One of the most prominent personalities of this family was Molvi Noor Ahmed Khan (late), who was a landlord and served as a police inspector around 1905. His nephew, Molvi Ghulam Muhammad Khan, was also a respected and humble landlord of Chandrami village.

His elder son, Khan Ghulam Mustafa Khan, Advocate, made significant contributions to the development of the area. Since 1975, he has played a key role in the approval and establishment of major infrastructure projects, including a railway station, water supply systems, paved roads, and electricity.

His elder son, Muhammad Adnan Mustafa Khan, Advocate, has been officially appointed as the “Numberdar” (village head) of Latki and Dagga Ahmed Khan by the Government of Pakistan, continuing the legacy of his forefathers, particularly Molvi Ghulam Muhammad Khan.

Today, members of this family still reside in the area. Some hold high-level positions in Pakistan, such as ministers and secretaries, while others are engaged in businesses abroad.

Chandrami is characterized by ethnic and religious diversity. People from different sects and religions live here. The majority are Muslims, while minorities include Christians and Hindus (particularly from the Thori and Maingwal communities).

Chandrami is located between Sadiqabad and Rahim Yar Khan District.

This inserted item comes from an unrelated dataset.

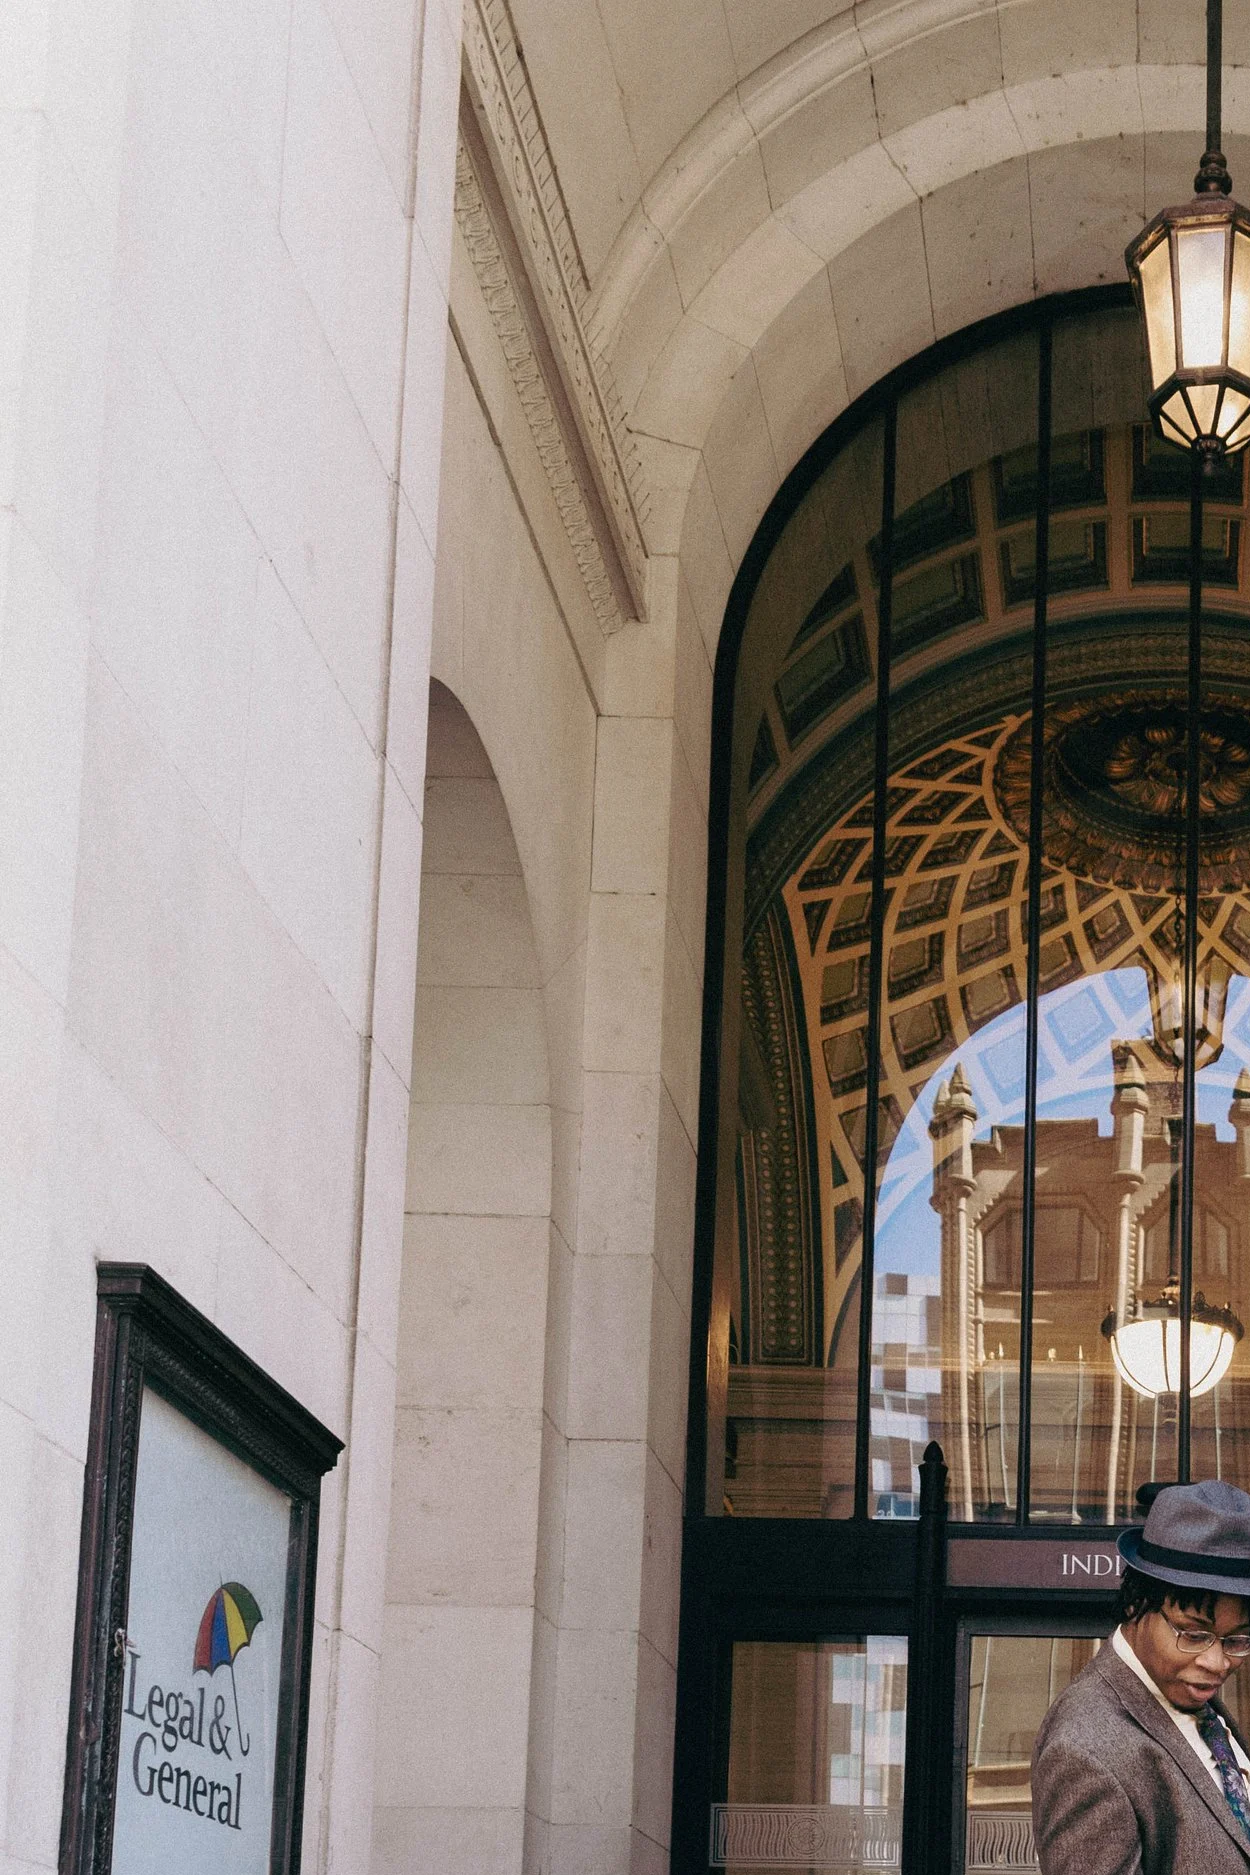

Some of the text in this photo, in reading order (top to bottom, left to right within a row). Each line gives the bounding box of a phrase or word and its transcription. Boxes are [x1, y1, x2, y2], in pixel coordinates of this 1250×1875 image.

The people of Chandrami speak a variety of native languages, reflecting their ethnic backgrounds. These include Punjabi (spoken by Muslim communities such as Rajput, Arain, Bhatti, Jutt, Rana, and many Christians), Urdu (commonly used by educated and semi-educated individuals), Saraiki (spoken widely among the Warind caste), Sindhi (in Latki areas), Balochi (spoken by Marhatta or labor communities), Malwari (spoken by Muslim Mahar and Hindu Maingwal and Thori communities), and Pashto (spoken by Pathans).